Diplomats in Pyongyang told the Associated Press that they were informed that Kim Jong Gak had been replaced as armed forces minister by Kim Kyok Sik, commander of the battalions linked to two deadly attacks in 2010 blamed on North Korea. South Korean officials said they also received similar information about the North Korean personnel changes.

The move comes amid speculation that North Korea may be preparing a long-range rocket launch. North Korea says its launches are meant to put a satellite into orbit.

The appointment of a hawkish general could mean North Korea wants to show a tough face to Washington and Seoul, said analyst Hong Hyun-ik at the private Sejong Institute in South Korea.

Baek Seung-joo, an analyst at the state-run Korea Institute for Defence Analyses in Seoul, said Kim Jong Un is trying to put his stamp on the military by building loyalty with troops and also by creating tension among generals through personnel changes.
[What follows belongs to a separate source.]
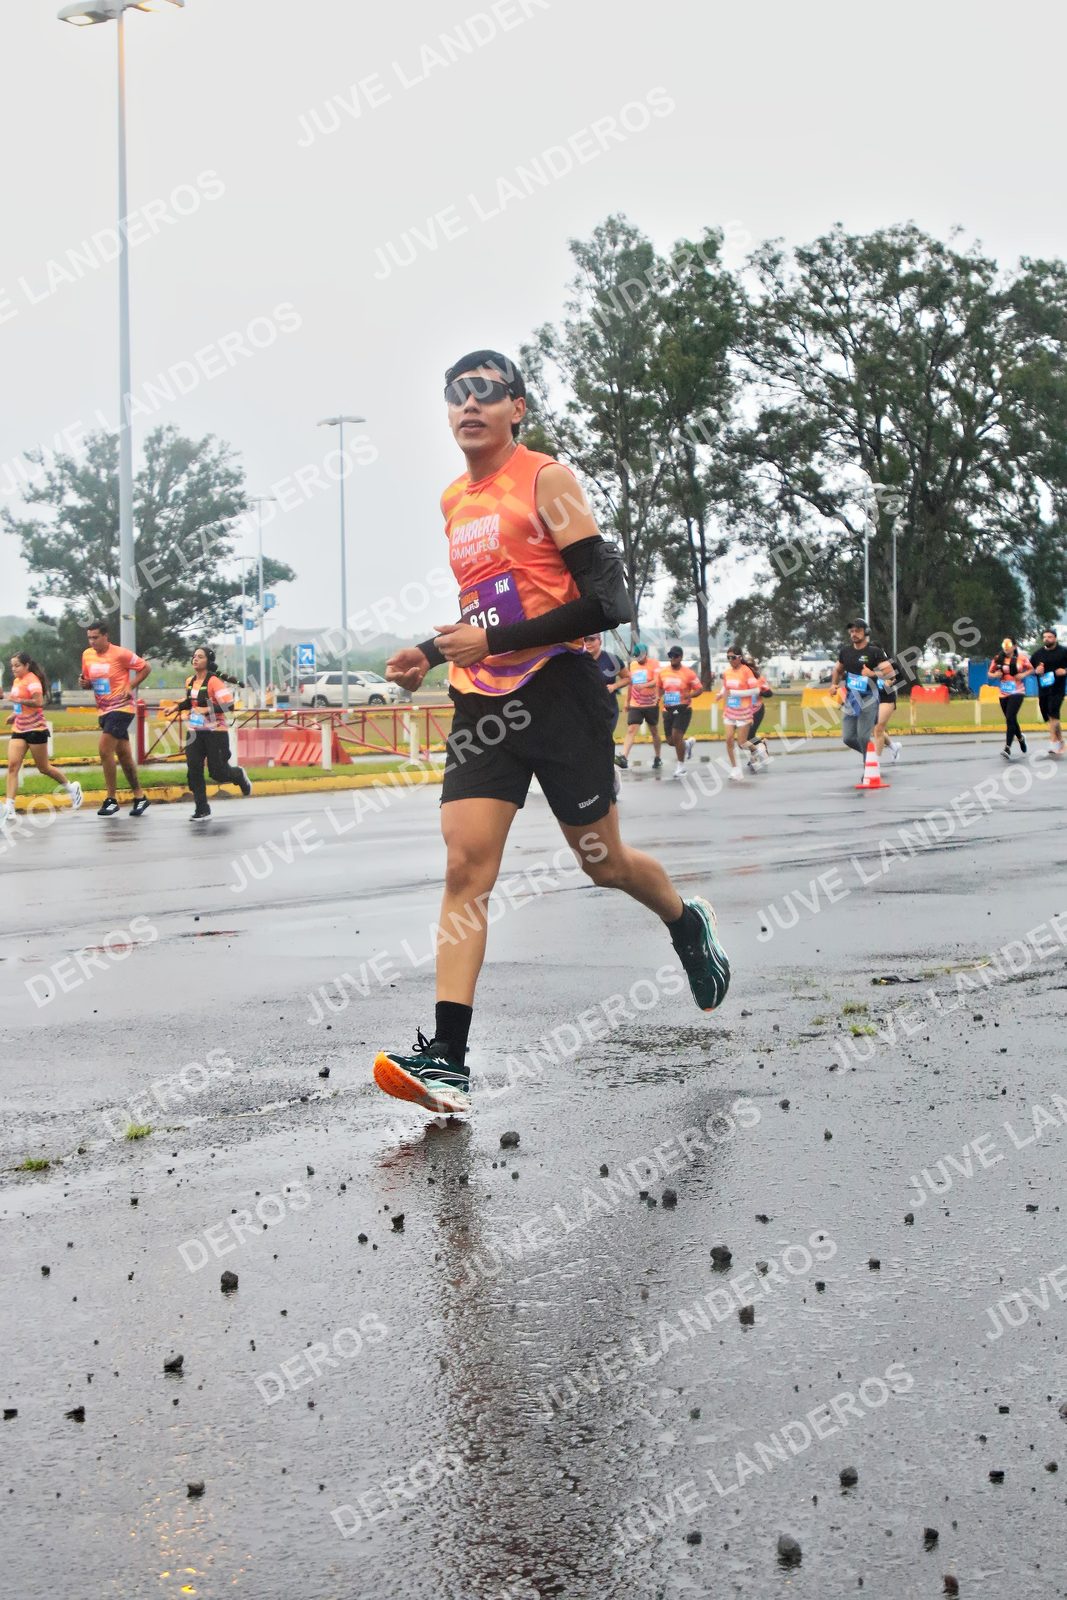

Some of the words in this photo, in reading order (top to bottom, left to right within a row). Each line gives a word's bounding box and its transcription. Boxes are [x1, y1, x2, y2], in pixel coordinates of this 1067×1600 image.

[452, 514, 500, 545] CARRERA
[451, 540, 488, 560] OMNILIFE
[469, 607, 500, 630] 816
In July, Kim dismissed military chief Ri Yong Ho, who was seen as one of his key mentors, and named little-known vice marshal Hyon Yong Chol as his new General Staff chief.

In April, Kim also reshuffled top Workers’ Party posts by taking on top party posts held by his father and giving other high-level posts to close associates.

In recent months, North Korea has also reshuffled top Cabinet members such as the ministers of sports, electronics industry and agriculture, according to Pyongyang’s official Korean Central News Agency.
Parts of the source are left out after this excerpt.